* _Task prompt_
Make an exact copy of the entries below and leave any picture out of it.

Start of Record set

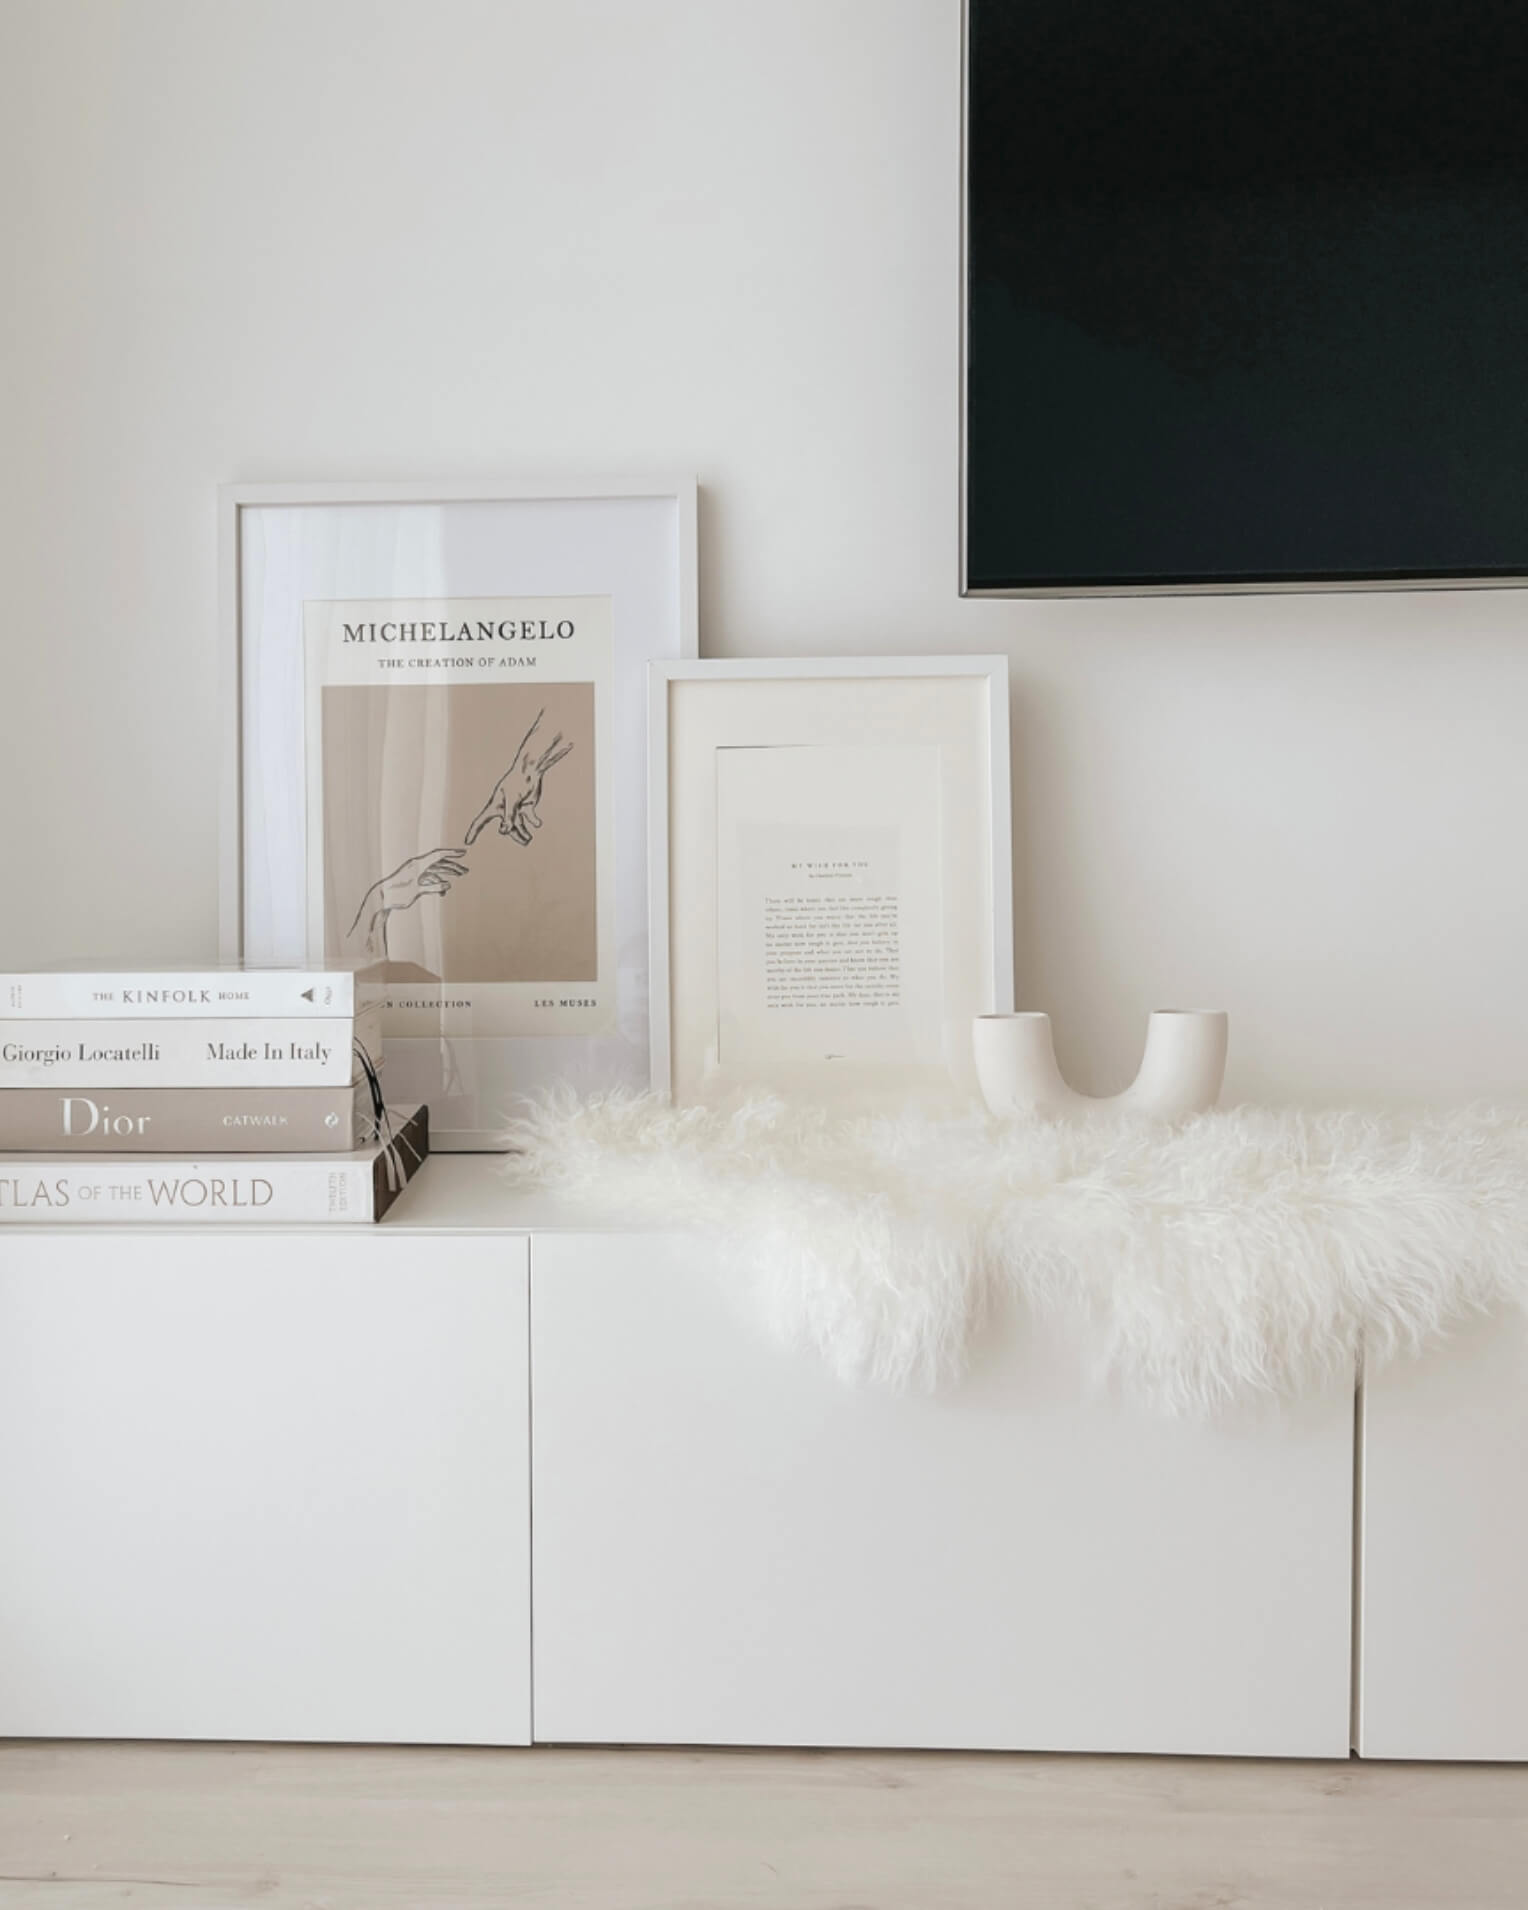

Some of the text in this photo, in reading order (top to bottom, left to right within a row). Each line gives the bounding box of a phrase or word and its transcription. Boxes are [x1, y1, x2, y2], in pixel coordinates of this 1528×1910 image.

[342, 620, 575, 643] MICHELANGELO
[377, 656, 537, 669] THE CREATION OF ADAM
[93, 989, 250, 1004] THE KINFOLK HOME
[398, 1000, 472, 1009] COLLECTION
[534, 999, 598, 1008] LES MUSES
[2, 1043, 160, 1067] Giorgio Locatelli
[207, 1042, 332, 1065] Made In Italy
[61, 1098, 152, 1136] Dior
[222, 1114, 289, 1127] CATWALK
[78, 1185, 102, 1200] OF
[108, 1184, 142, 1200] THE
[147, 1178, 273, 1207] WORLD
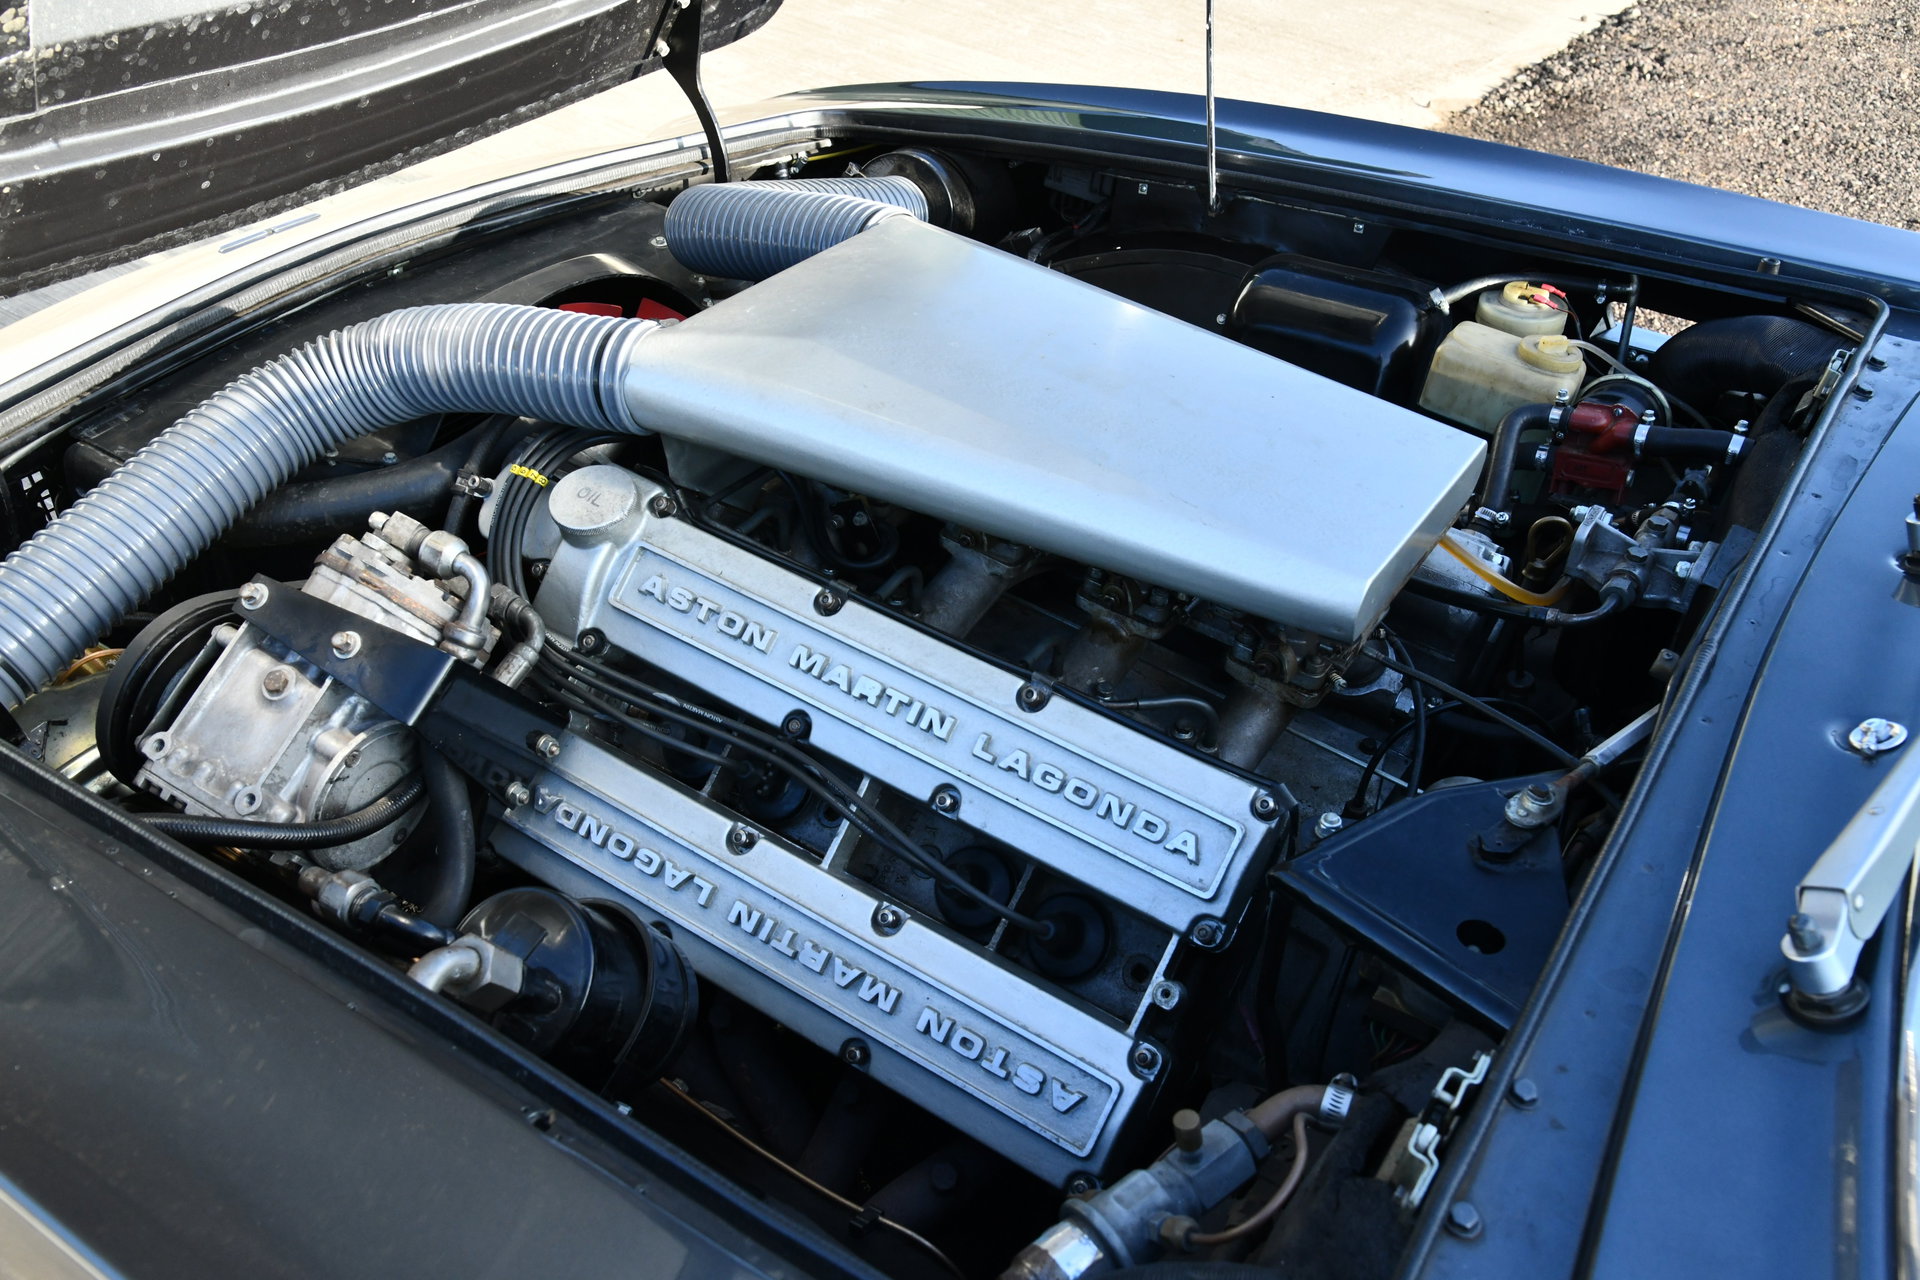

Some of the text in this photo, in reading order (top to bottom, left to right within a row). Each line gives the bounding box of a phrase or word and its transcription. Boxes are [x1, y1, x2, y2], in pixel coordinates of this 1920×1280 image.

[538, 477, 547, 485] 8
[577, 487, 602, 507] OIL
[638, 573, 1200, 865] ASTON MARTIN LAGONDA
[682, 703, 724, 724] ASTON MARTIN
[534, 784, 1088, 1114] ASTON MARTIN LAGONDA
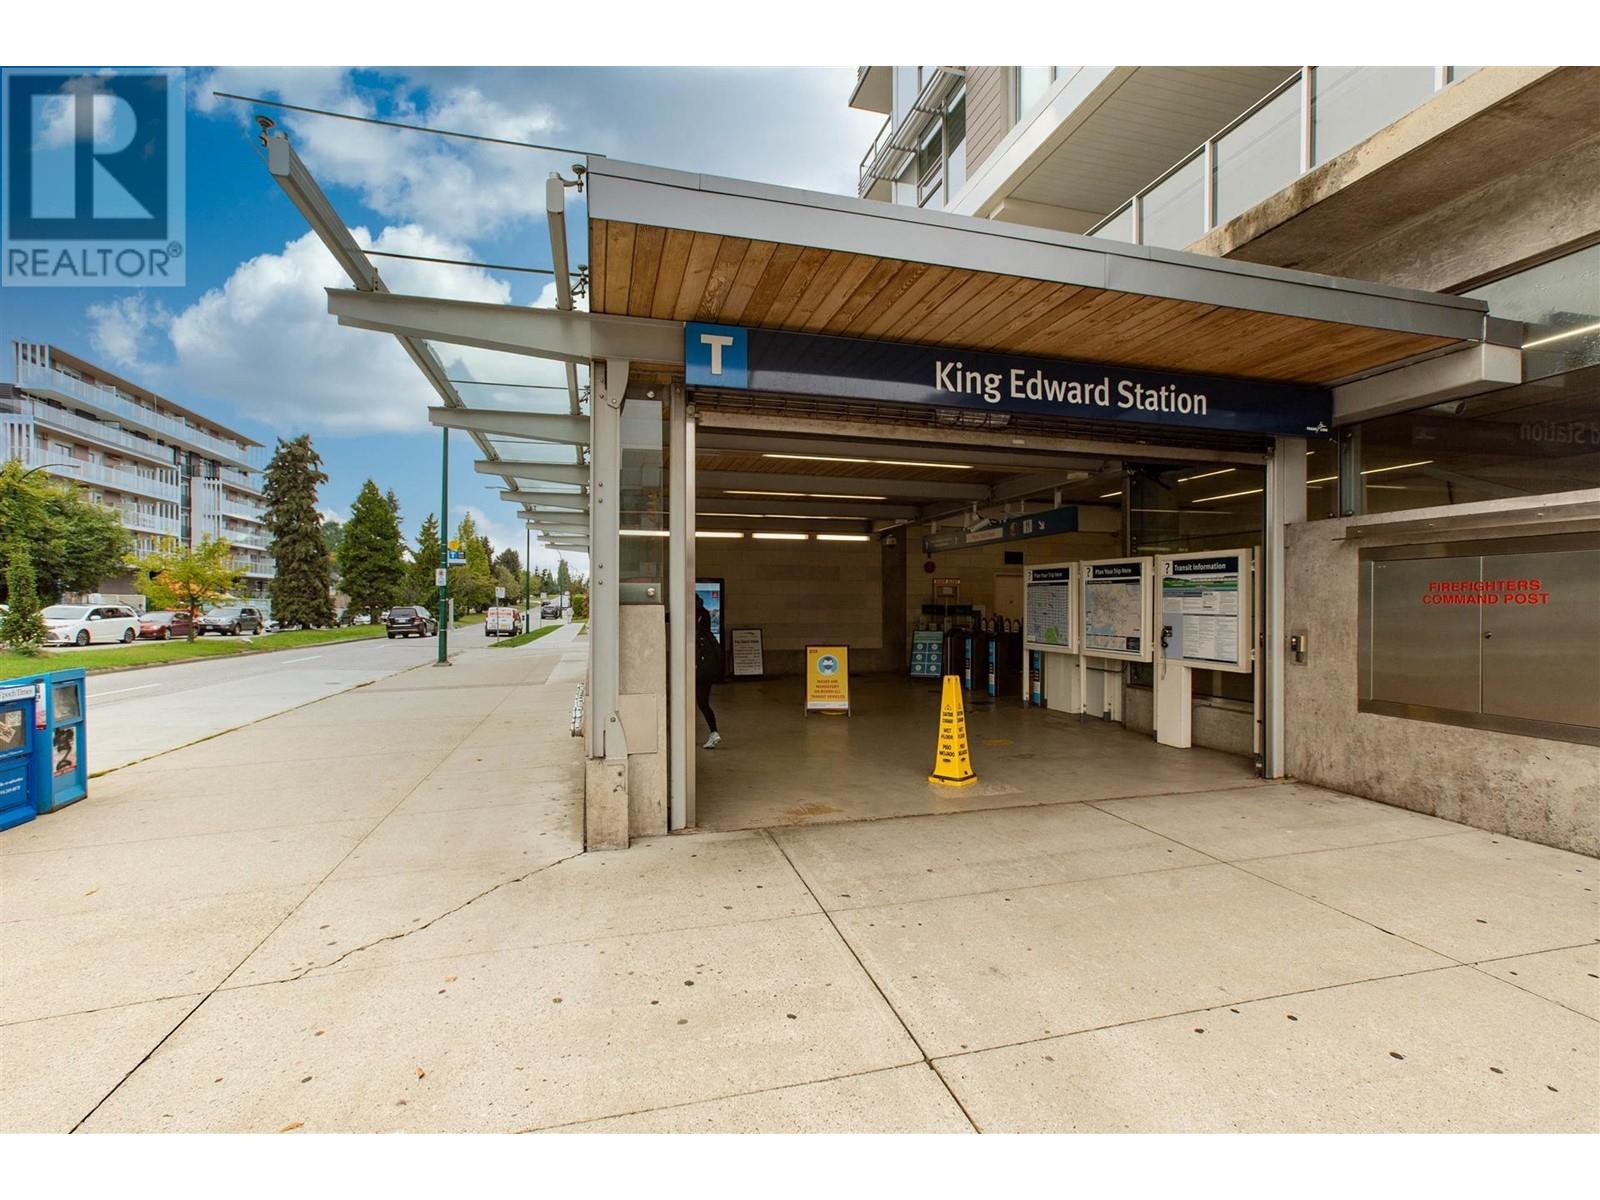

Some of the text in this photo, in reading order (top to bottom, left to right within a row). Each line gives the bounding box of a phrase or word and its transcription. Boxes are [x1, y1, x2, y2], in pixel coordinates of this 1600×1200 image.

End of Record set

* _Written answer_
Some of the text in this photo, in reading order (top to bottom, left to right within a row). Each line gives the bounding box of a phrase or word and its transcription. Boxes are [x1, y1, x2, y2], in pixel coordinates of this 1528×1910 image.

[342, 620, 575, 643] MICHELANGELO
[377, 656, 537, 669] THE CREATION OF ADAM
[93, 989, 250, 1004] THE KINFOLK HOME
[398, 1000, 472, 1009] COLLECTION
[534, 999, 598, 1008] LES MUSES
[2, 1043, 160, 1067] Giorgio Locatelli
[207, 1042, 332, 1065] Made In Italy
[61, 1098, 152, 1136] Dior
[222, 1114, 289, 1127] CATWALK
[78, 1185, 102, 1200] OF
[108, 1184, 142, 1200] THE
[147, 1178, 273, 1207] WORLD

Some of the text in this photo, in reading order (top to bottom, left to right within a row). Each line gives the bounding box of a phrase or word and its transcription. Boxes are [x1, y1, x2, y2], in pixel coordinates of this 1920×1280 image.

[538, 477, 547, 485] 8
[577, 487, 602, 507] OIL
[638, 573, 1200, 865] ASTON MARTIN LAGONDA
[682, 703, 724, 724] ASTON MARTIN
[534, 784, 1088, 1114] ASTON MARTIN LAGONDA

Some of the text in this photo, in reading order (top to bottom, left to right within a row). Each line gives the bounding box of a phrase or word and its transcription. Boxes are [x1, y1, x2, y2], in pixel coordinates of this 1600×1200 image.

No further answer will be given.